## Instructions for the task
Repeat the records exactly, minus the pictures.

Entries taken from a collection:

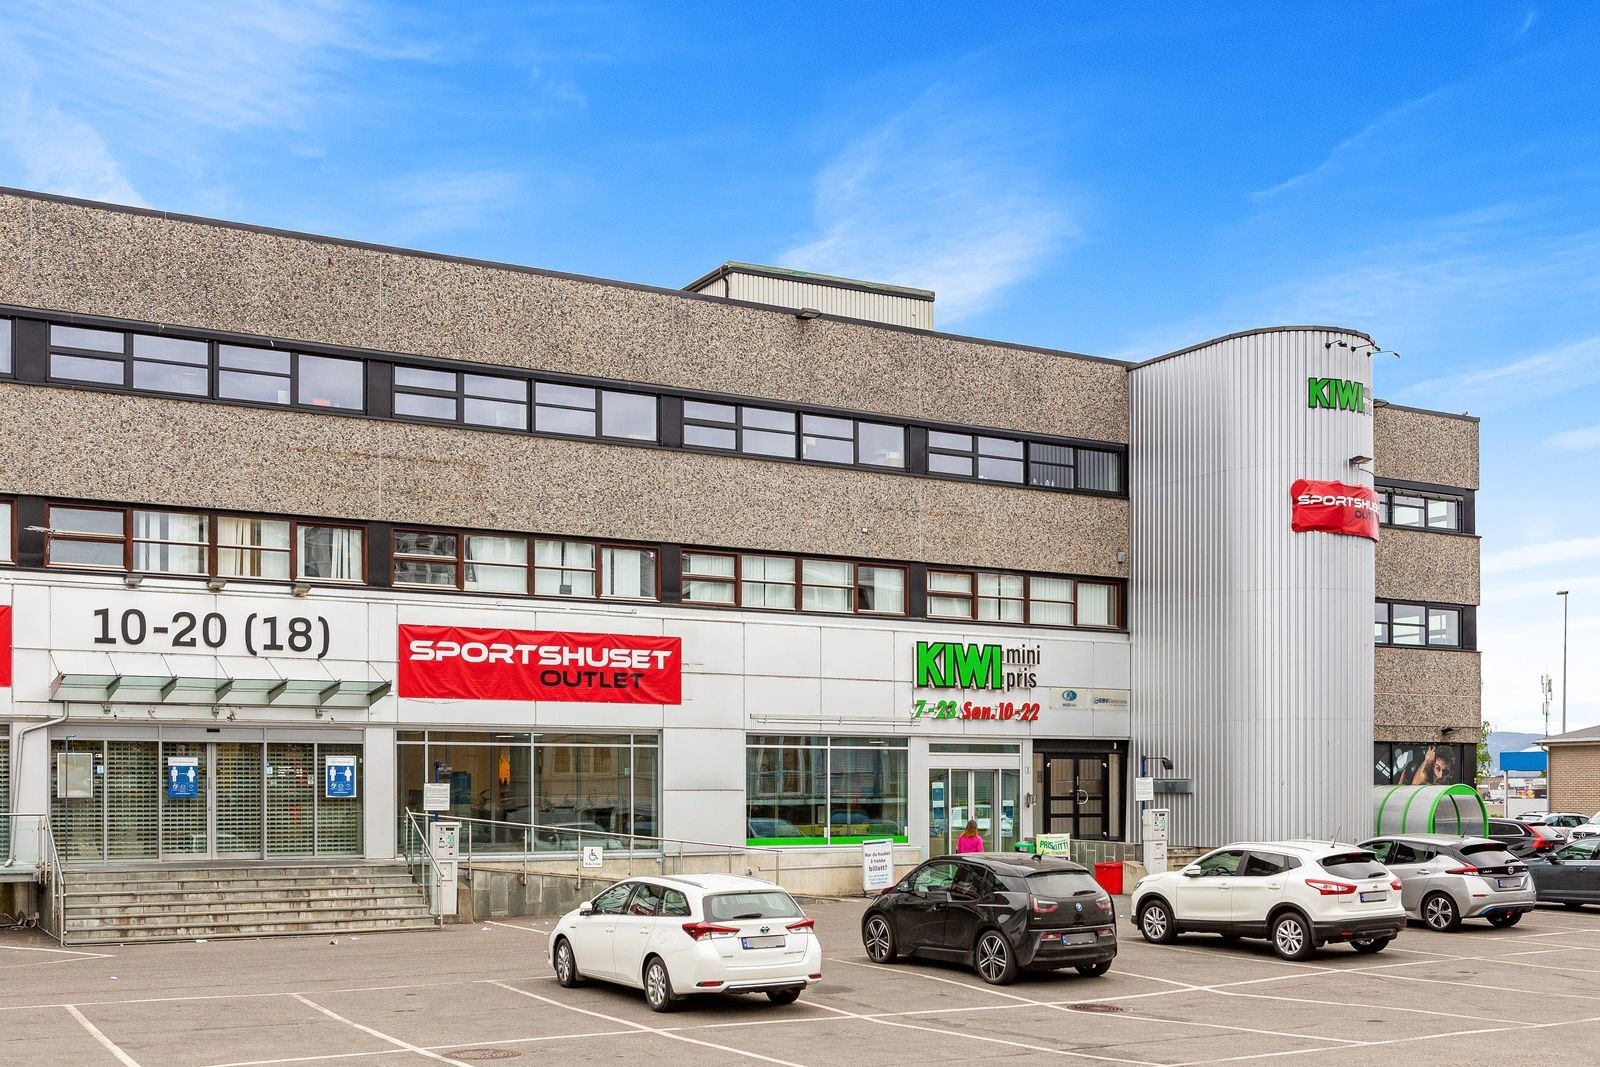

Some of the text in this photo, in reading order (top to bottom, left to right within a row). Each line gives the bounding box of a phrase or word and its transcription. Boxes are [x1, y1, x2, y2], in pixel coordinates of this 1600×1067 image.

[1308, 377, 1364, 413] KIWI
[93, 607, 331, 660] 10-20 (18)
[408, 639, 673, 670] SPORTSHUSET
[915, 640, 1003, 690] KIWI
[1006, 643, 1041, 665] mini
[539, 668, 646, 689] OUTLET
[1006, 667, 1038, 692] pris
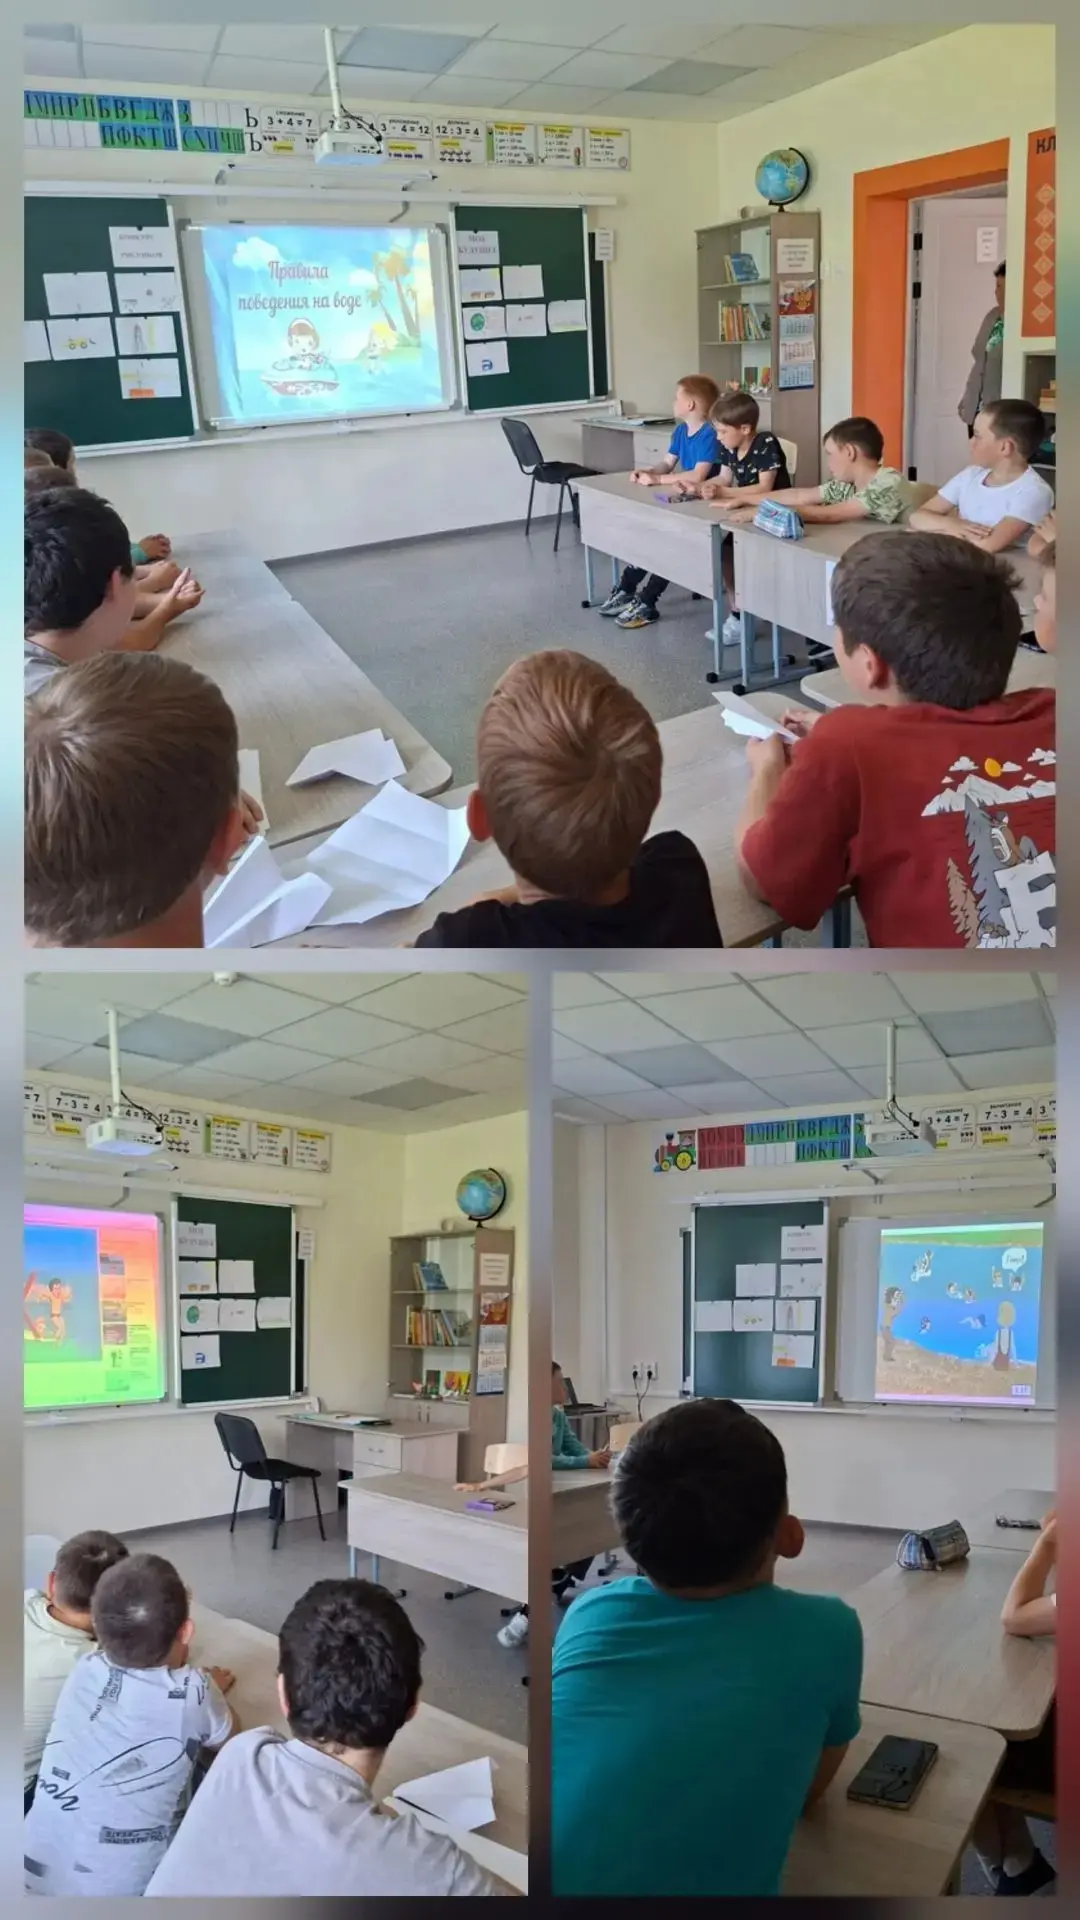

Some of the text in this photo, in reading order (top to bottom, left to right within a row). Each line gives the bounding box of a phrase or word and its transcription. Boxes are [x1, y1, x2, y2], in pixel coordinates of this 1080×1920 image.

## Answer
Some of the text in this photo, in reading order (top to bottom, left to right within a row). Each line gives the bounding box of a phrase or word and its transcription. Boxes are [x1, y1, x2, y2], in pixel coordinates of this 1600×1067 image.

[1308, 377, 1364, 413] KIWI
[93, 607, 331, 660] 10-20 (18)
[408, 639, 673, 670] SPORTSHUSET
[915, 640, 1003, 690] KIWI
[1006, 643, 1041, 665] mini
[539, 668, 646, 689] OUTLET
[1006, 667, 1038, 692] pris

Some of the text in this photo, in reading order (top to bottom, left to right within a row). Each line gives the bounding box of a phrase or word and its transcription. Boxes are [x1, y1, x2, y2], in pixel coordinates of this 1080×1920 image.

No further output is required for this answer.